In terms of our primary aim of providing tools, apps, and datasets for generating, discovering, and reusing open data, ideas are flowing continuously but require the input of the wider scientific community in identifying the problems they face in publishing, discovering, and reusing data online and requesting assistance in solving them. The working group aims to provide a community and network that can respond to these needs and a hub for access to the resulting tools, which we hope all stakeholders in scientific data will find valuable. Better science—in terms of transparency, reproducibility, increased efficiency, and ultimately a greater benefit to society—depends on open data.

Acknowledgments

I am grateful to members of the OKF Open Data in Science working group for making this article possible and for their much appreciated input to the manuscript. Particular thanks must go to Daniel Mietchen for his helpful comments and suggestions.

References

  1. 1. Research Information Network (2008) To share or not to share: research data outputs. Available: http://www.rin.ac.uk/our-work/data-management-and-curation/share-or-not-share-research-data-outputs. Accessed 27 October 2011.
  2. 2. Walport W, Brest P (2011) Sharing research data to improve public health. Lancet 377: 537–539.
  3. 3. House of Commons Science and Technology Committee (2011) Science and Technology Committee – eighth report. Peer review in scientific publications. http://www.publications.parliament.uk/pa/cm201012/cmselect/cmsctech/856/85602.htm. Accessed 27 October 2011.
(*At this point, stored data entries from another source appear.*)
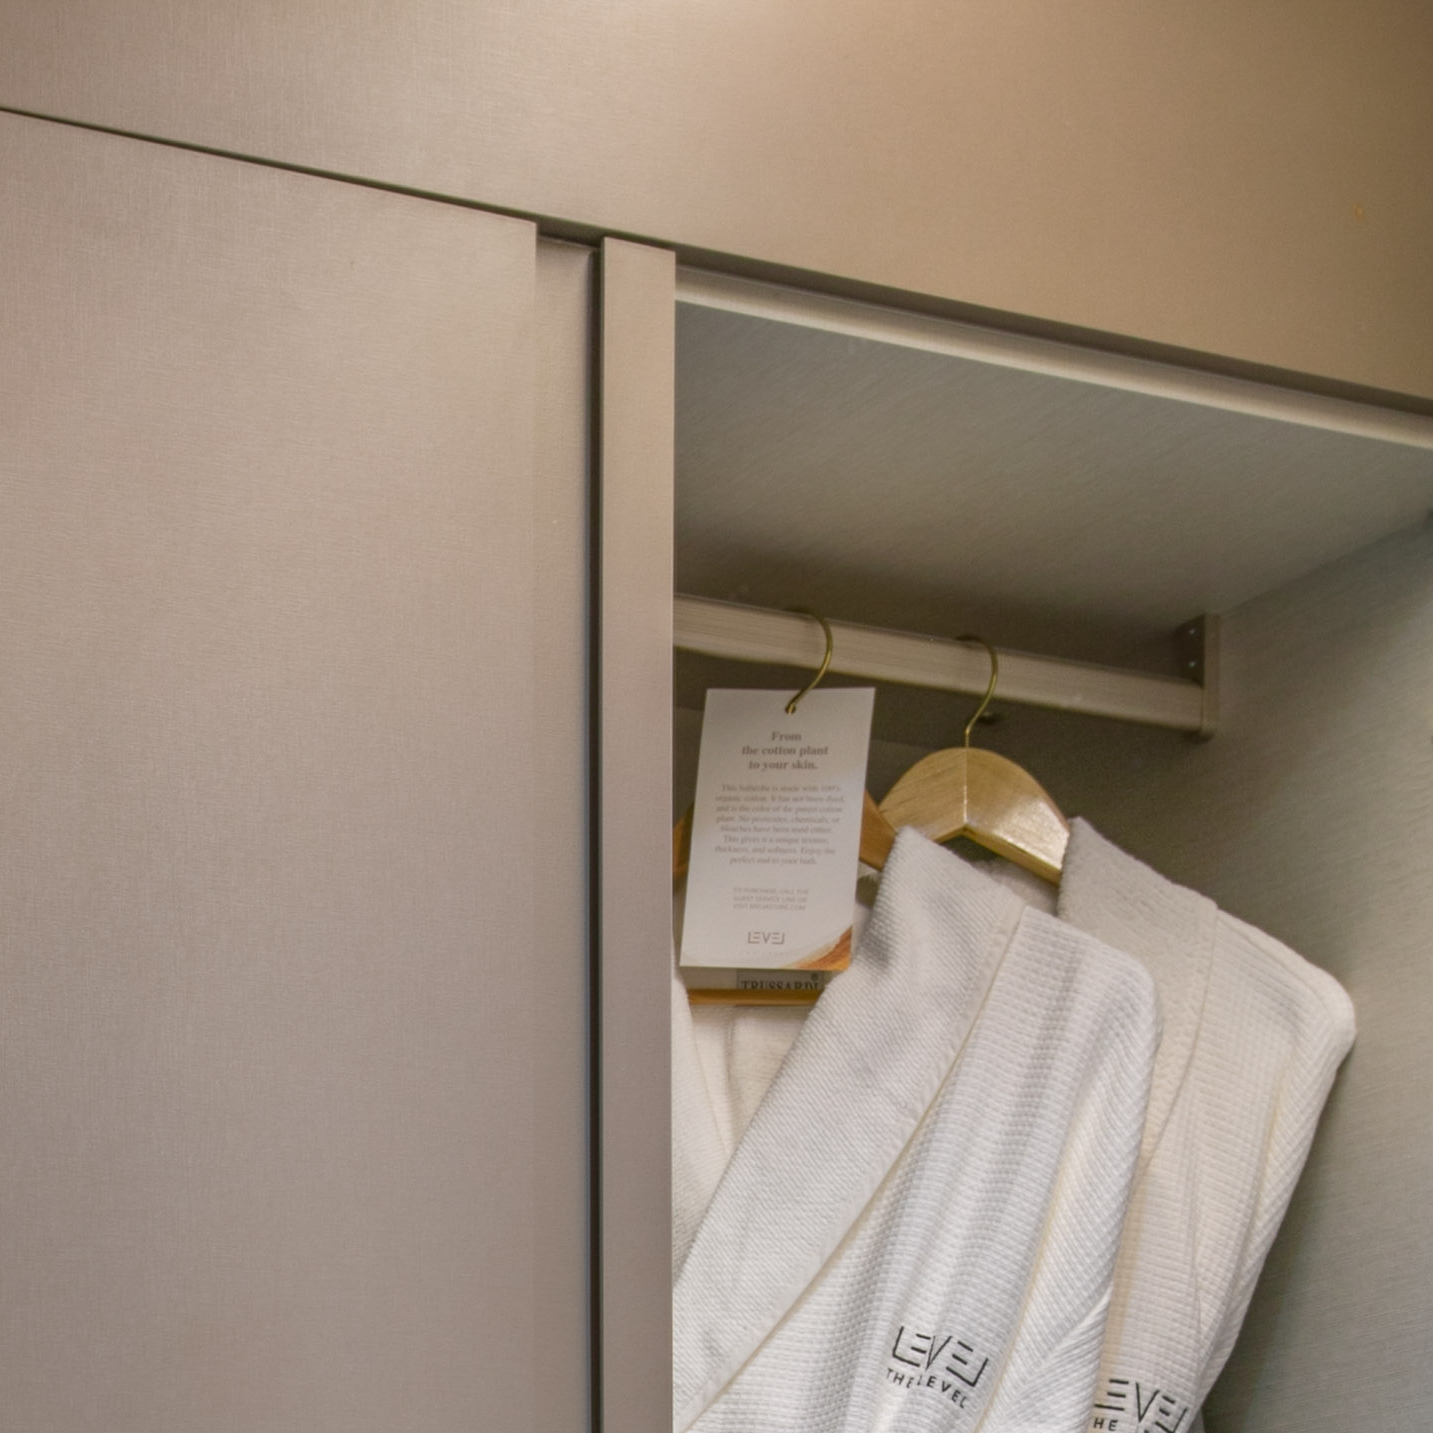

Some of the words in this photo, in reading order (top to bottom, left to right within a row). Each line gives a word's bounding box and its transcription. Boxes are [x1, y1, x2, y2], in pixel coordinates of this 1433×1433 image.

[772, 731, 802, 741] From
[742, 745, 759, 755] the
[761, 745, 796, 755] cotton
[799, 745, 828, 757] plant
[749, 760, 760, 769] to
[761, 762, 789, 772] your
[791, 760, 818, 769] skin.
[742, 980, 819, 990] TRUSSARDI
[892, 1326, 989, 1387] LEVEL
[886, 1368, 914, 1390] THE
[1093, 1417, 1118, 1432] HE
  4. 4. Global Biodiversity Information Facility (2011) New incentive for biodiversity data publishing [press release]. Available: http://www.gbif.org/communications/news-and-events/showsingle/article/new-incentive-for-biodiversity-data-publishing. Accessed 27 October 2011.
  5. 5. Nyman T, Vikberg V, Smith D. R, Boevé J (2010) How common is ecological speciation in plant-feeding insects? A ‘Higher’ Nematinae perspective. BMC Evolutionary Biology 10: 266.
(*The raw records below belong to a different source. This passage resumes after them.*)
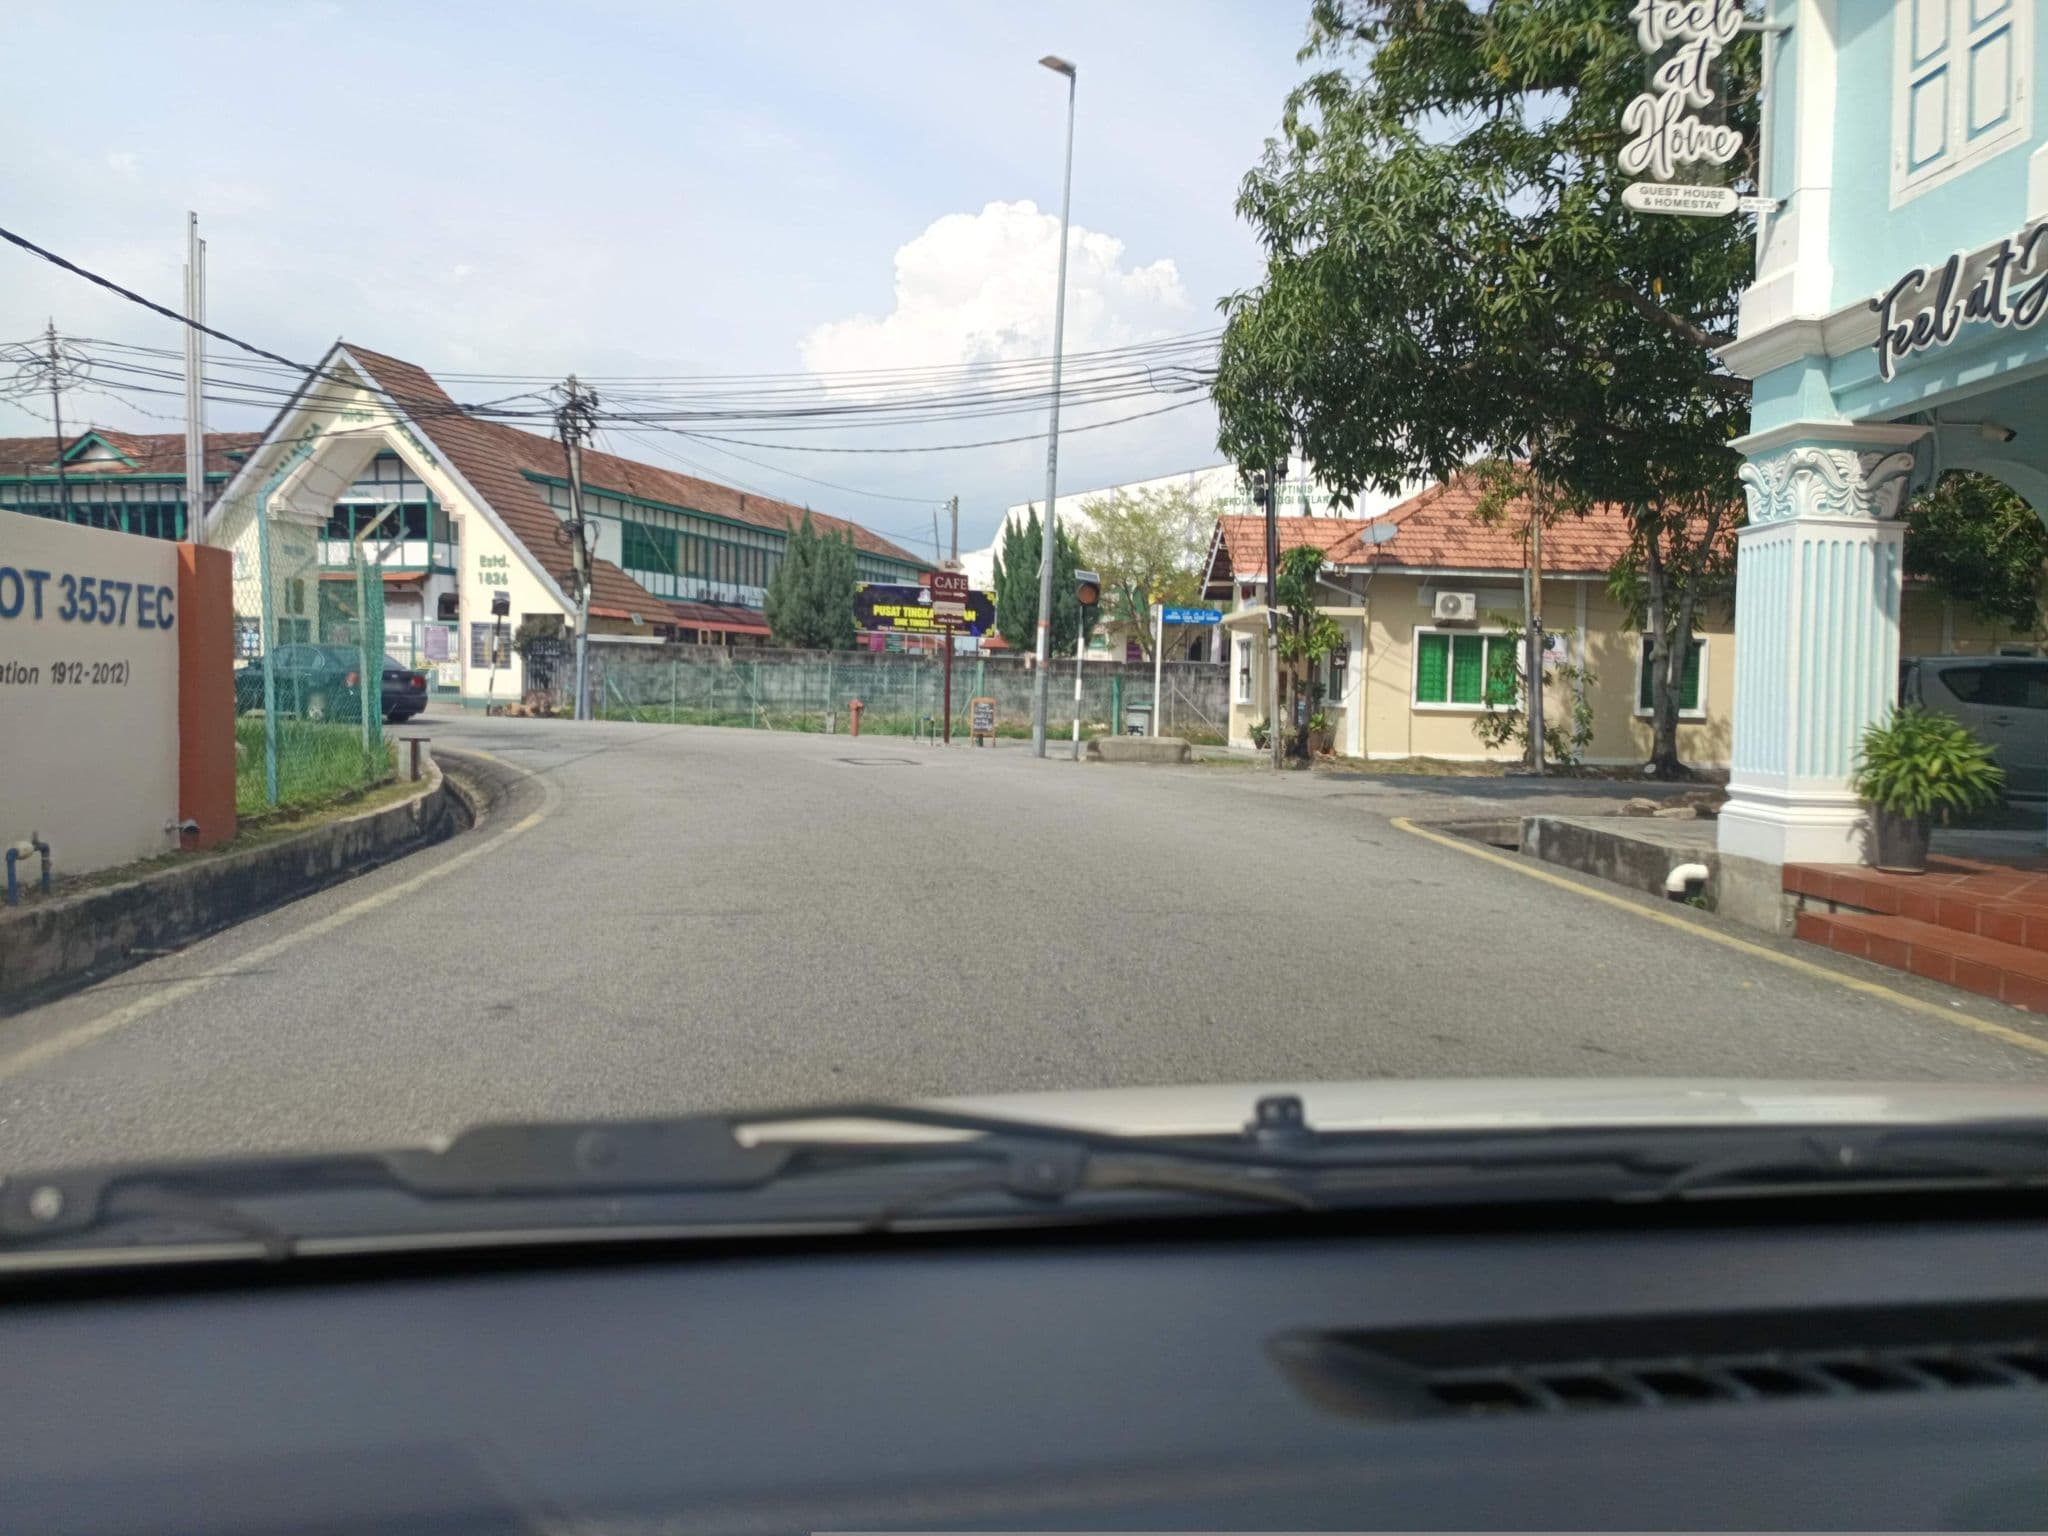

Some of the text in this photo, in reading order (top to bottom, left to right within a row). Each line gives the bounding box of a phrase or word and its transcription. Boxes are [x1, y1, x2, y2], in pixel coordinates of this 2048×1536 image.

[1655, 38, 1720, 105] at
[1619, 90, 1743, 179] Home
[1639, 185, 1726, 200] GUEST HOUSE
[1643, 197, 1721, 209] & HOMESTAY
[1869, 250, 1965, 382] Feel
[1964, 236, 2022, 326] at
[934, 576, 968, 590] CAFE
[58, 573, 133, 627] 3557
[136, 583, 175, 631] EC
[872, 604, 902, 618] PUSAT
[903, 605, 934, 619] TINGKA
  6. 6. Nyman T (25 May 2011) On the unbearable lightness of mandatory data sharing. BioMed Central Blog. Available: http://blogs.openaccesscentral.com/blogs/bmcblog/entry/on_the_unbearable_lightness_of. Accessed 27 October 2011.
  7. 7. Vogeli C, Yucel R, Bendavid E, Jones L, Anderson M, et al. (2006) Data withholding and the next generation of scientists: results of a national survey. Academic Medicine 81: 28–136.
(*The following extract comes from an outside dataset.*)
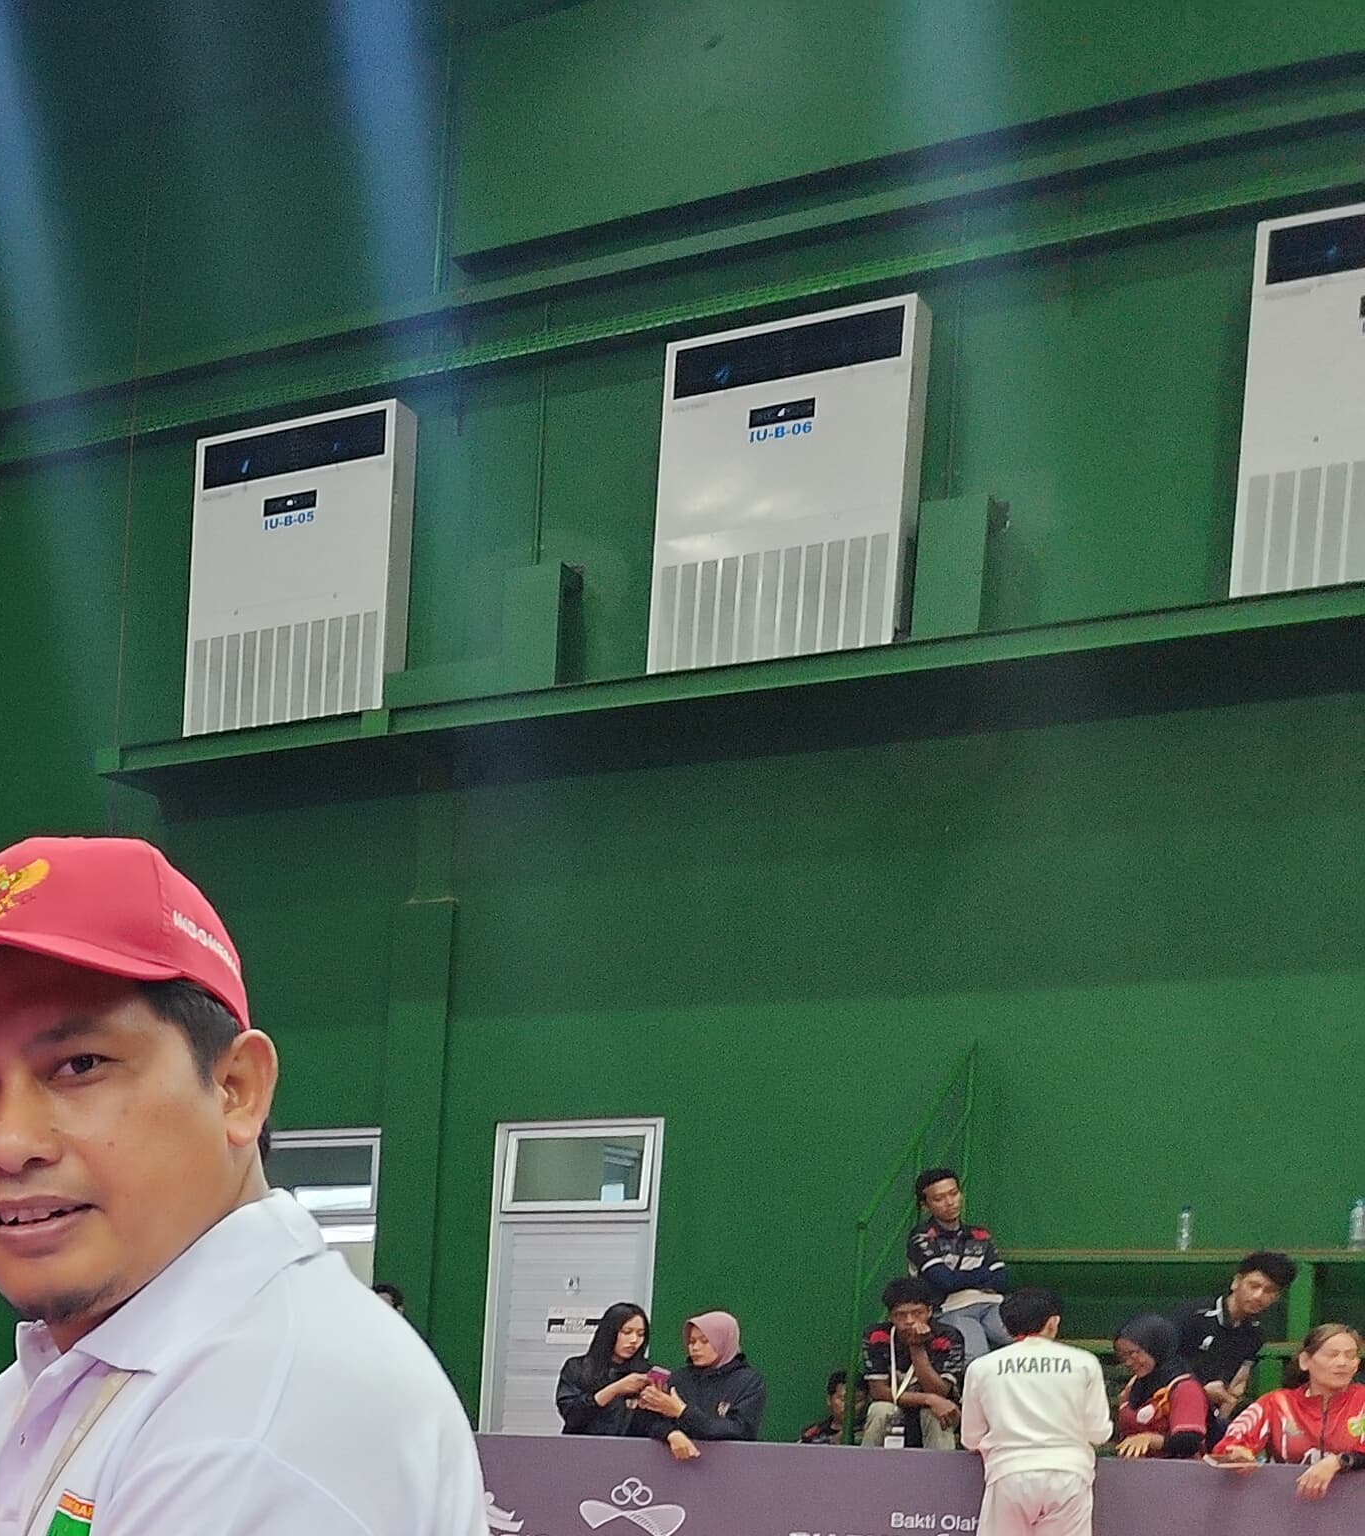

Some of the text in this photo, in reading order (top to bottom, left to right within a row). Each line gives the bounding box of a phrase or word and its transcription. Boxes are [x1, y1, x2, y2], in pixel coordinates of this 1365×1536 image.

[750, 422, 812, 443] IU-B-06
[265, 511, 314, 530] IU-B-05
[997, 1357, 1072, 1375] JAKARTA
[891, 1512, 935, 1529] Bakti
  8. 8. Piwowar H. A, Day R. S, Fridsma D. B (2007) Sharing detailed research data is associated with increased citation rate. PLoS ONE 2: e308.
  9. 9. Piwowar H. A, Vision T. J, Whitlock M. C (2011) Data archiving is a good investment. Nature 473: 285.
  10. 10. Samwald M, Jentzsch A, Bouton C, Stie Kallesøe C, Willighagen E, et al. (2011) Linked open drug data for pharmaceutical research and development. J Cheminform 3: 19.